I started by calling Brian McCaskey, a grandson of George Halas, who founded the Bears and helped organize the NFL. The team is still controlled by Brian’s mom, Virginia Halas McCaskey, who is now in her nineties. There are eleven McCaskey siblings, and the franchise, which is worth over a billion dollars, is the family’s main asset. It’s therefore run with a kind of care that has struck some fans as persnickety. Virginia, whose husband, Ed, died in 2003, is the closest living link to Halas, whose son, George Halas, Jr., passed away in 1979, at the age of fifty-four. When a new player comes to the team, he is seated at Virginia’s feet while she gives a tutorial on team and league history. Brian was a perfect place to start. In addition to being a great guy, he was a fixture in the locker room in the 1980s, where he worked as an assistant trainer. When I asked Jim McMahon about Brian, he said, “Good taper, and the only normal McCaskey.”

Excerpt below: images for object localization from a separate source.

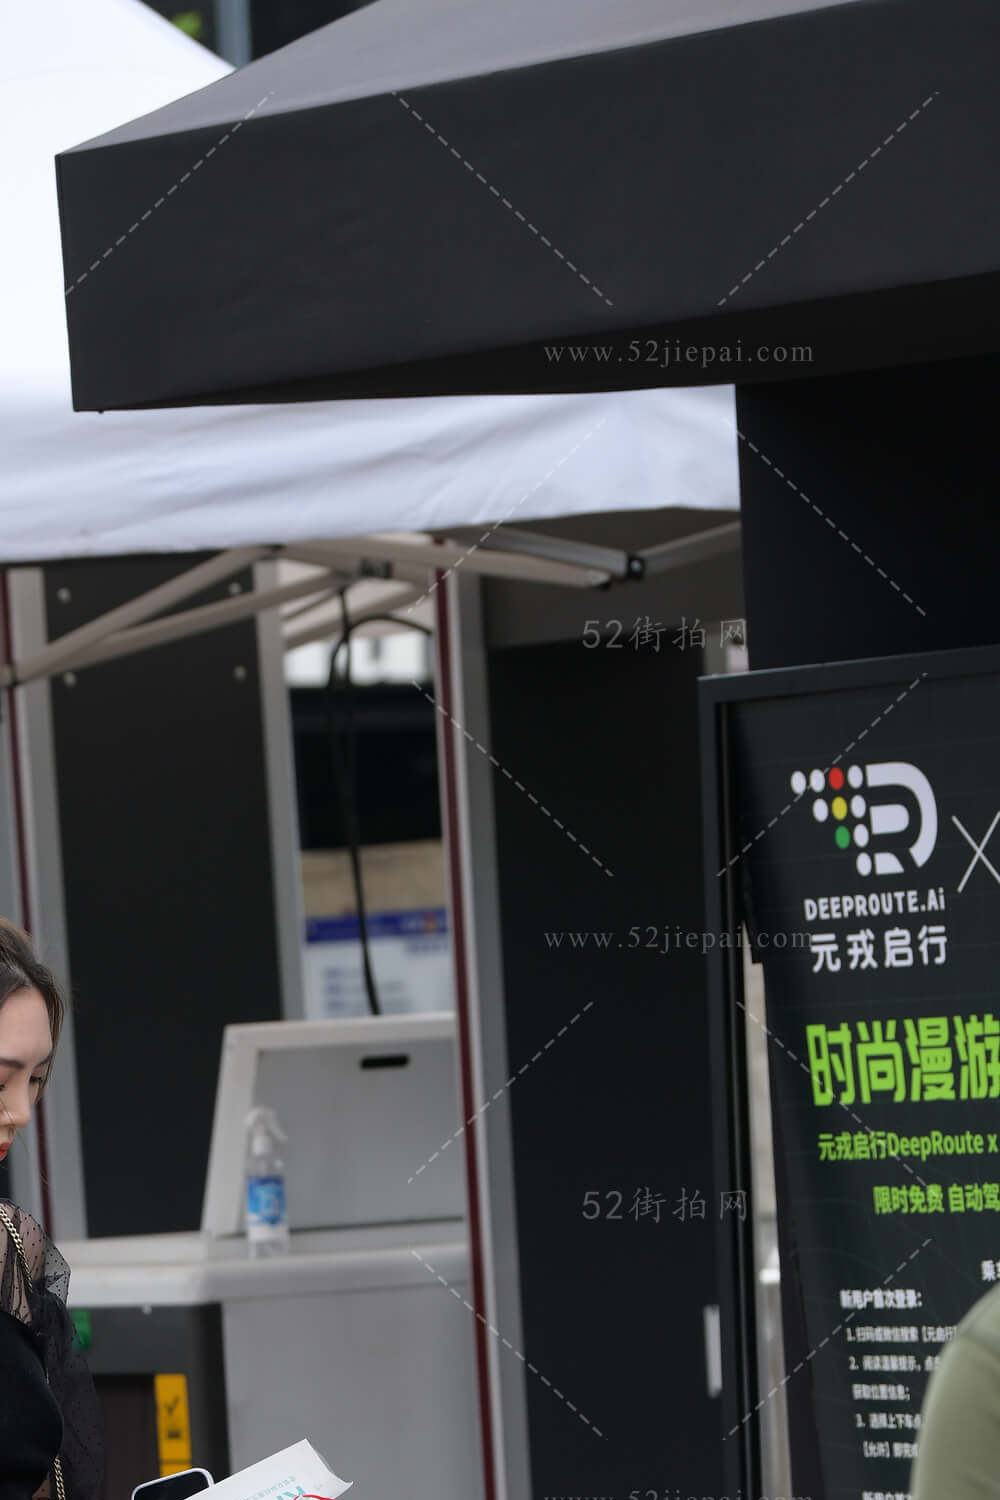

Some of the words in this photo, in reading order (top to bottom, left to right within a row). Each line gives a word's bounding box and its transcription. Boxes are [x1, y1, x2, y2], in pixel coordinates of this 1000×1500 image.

[804, 888, 945, 921] DEEPROUTE.Ai
[811, 926, 947, 973] 元戎启行
[806, 1014, 1000, 1106] 时尚漫游
[818, 1130, 984, 1162] 元戎启行DeepRoute
[873, 1183, 945, 1214] 限时免费

Brian is tall and friendly, with blue eyes and a slightly comical manner. He talked as he toured me around the team’s facilities in Lake Forest, a beautiful town about thirty miles north of Chicago. We started at new Halas Hall, a training center set amid acres of gorgeous gridiron. There is a full-size indoor football field, an expanse of turf beneath a web of rafters that mimics the heavenly vault. We walked through offices and conference rooms, lingered before trophy cases and photos of great Bears of long ago. He showed me the screening room where the athletes watch and rewatch every play of every game. He showed me the weight room, the hot tubs, and the ice soaks. He showed me the locker room, where we stood before a locker decorated with a Jewish star and a menorah. “It belongs to Gabe Carimi, a lineman from the University of Wisconsin,” McCaskey told me. “We call him the Bear Jew.” (Carimi was traded to Tampa Bay in June 2013.) He showed me massage tables, MRI machines, and pharmaceutical closets. I ducked into the War Room, which was lined with wipe boards where information on every player in the league was written in marker. It was like the room of an intelligence agent who believes herself on the verge of a breakthrough. “I should have stopped you from doing that,” McCaskey said when I came out. “The coach would have a heart attack if he knew you’d been in there.”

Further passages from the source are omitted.